What's needed: every entry, printed exactly, minus the images.

(Beginning of Task material)

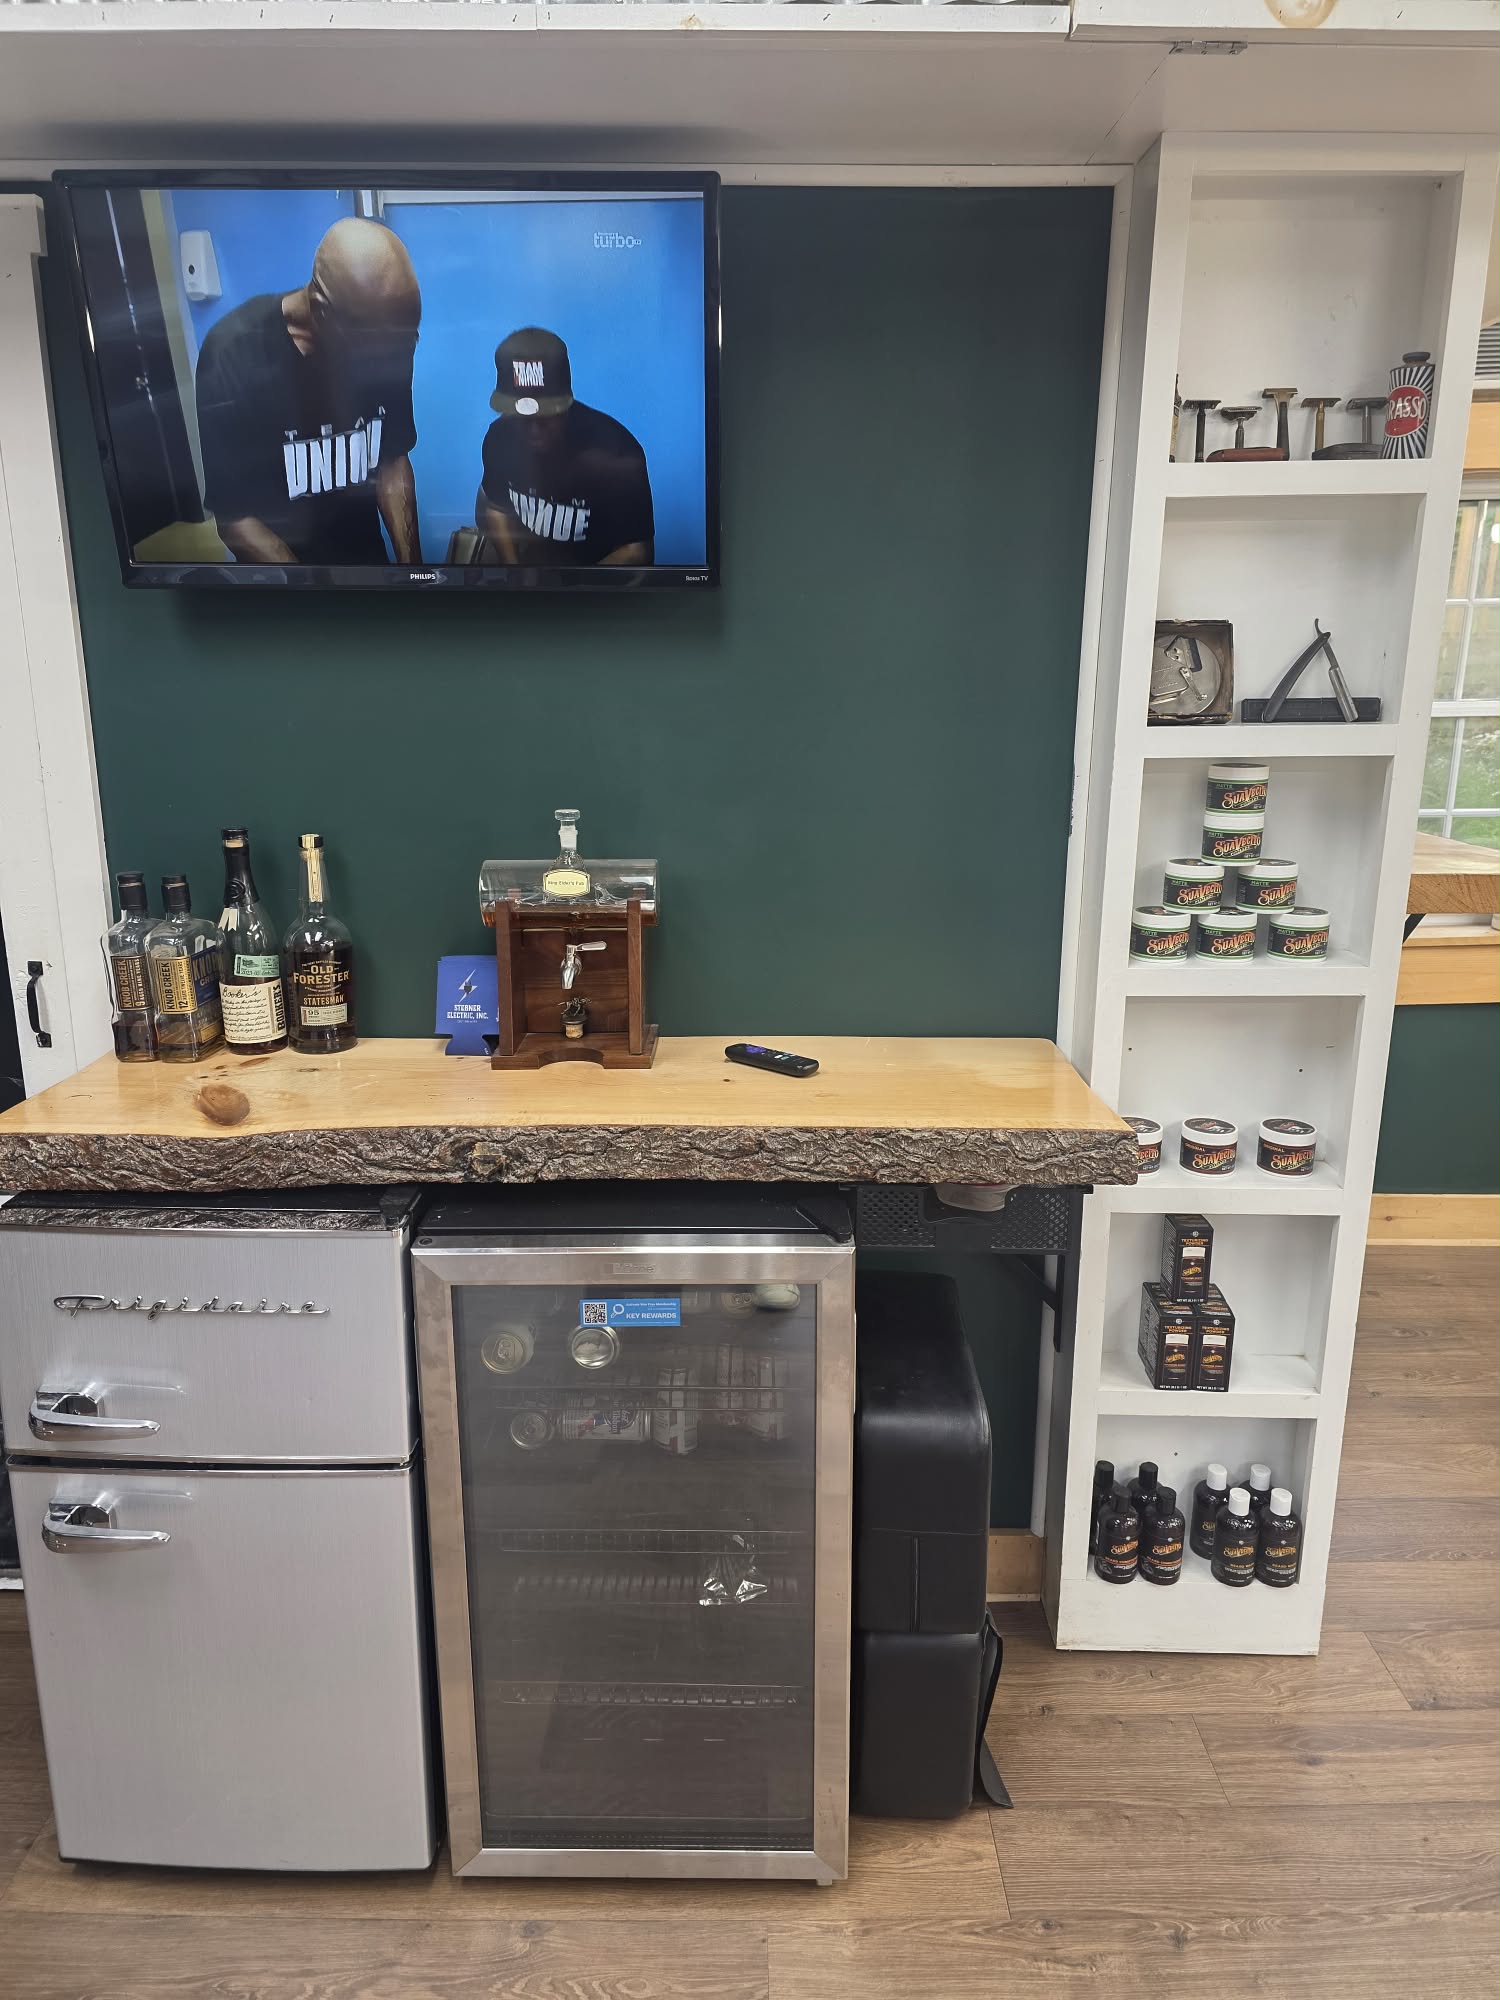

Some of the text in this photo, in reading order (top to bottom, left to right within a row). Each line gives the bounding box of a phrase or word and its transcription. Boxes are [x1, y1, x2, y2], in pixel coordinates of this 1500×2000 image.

[593, 231, 635, 248] turbo
[1386, 396, 1427, 421] RASSO
[293, 971, 349, 984] FORESTER
[311, 965, 334, 974] OLD
[117, 959, 132, 1008] KNOB CREEK
[161, 962, 175, 1010] KNOB CREEK
[178, 1000, 188, 1009] 12
[273, 985, 285, 1031] BOOKER'S
[303, 995, 344, 1006] STATESMAN
[54, 1294, 331, 1321] Frigidaire

(End of Task material)

• **Written solution**:
Some of the text in this photo, in reading order (top to bottom, left to right within a row). Each line gives the bounding box of a phrase or word and its transcription. Boxes are [x1, y1, x2, y2], in pixel coordinates of this 1500×2000 image.

[593, 231, 635, 248] turbo
[1386, 396, 1427, 421] RASSO
[293, 971, 349, 984] FORESTER
[311, 965, 334, 974] OLD
[117, 959, 132, 1008] KNOB CREEK
[161, 962, 175, 1010] KNOB CREEK
[178, 1000, 188, 1009] 12
[273, 985, 285, 1031] BOOKER'S
[303, 995, 344, 1006] STATESMAN
[54, 1294, 331, 1321] Frigidaire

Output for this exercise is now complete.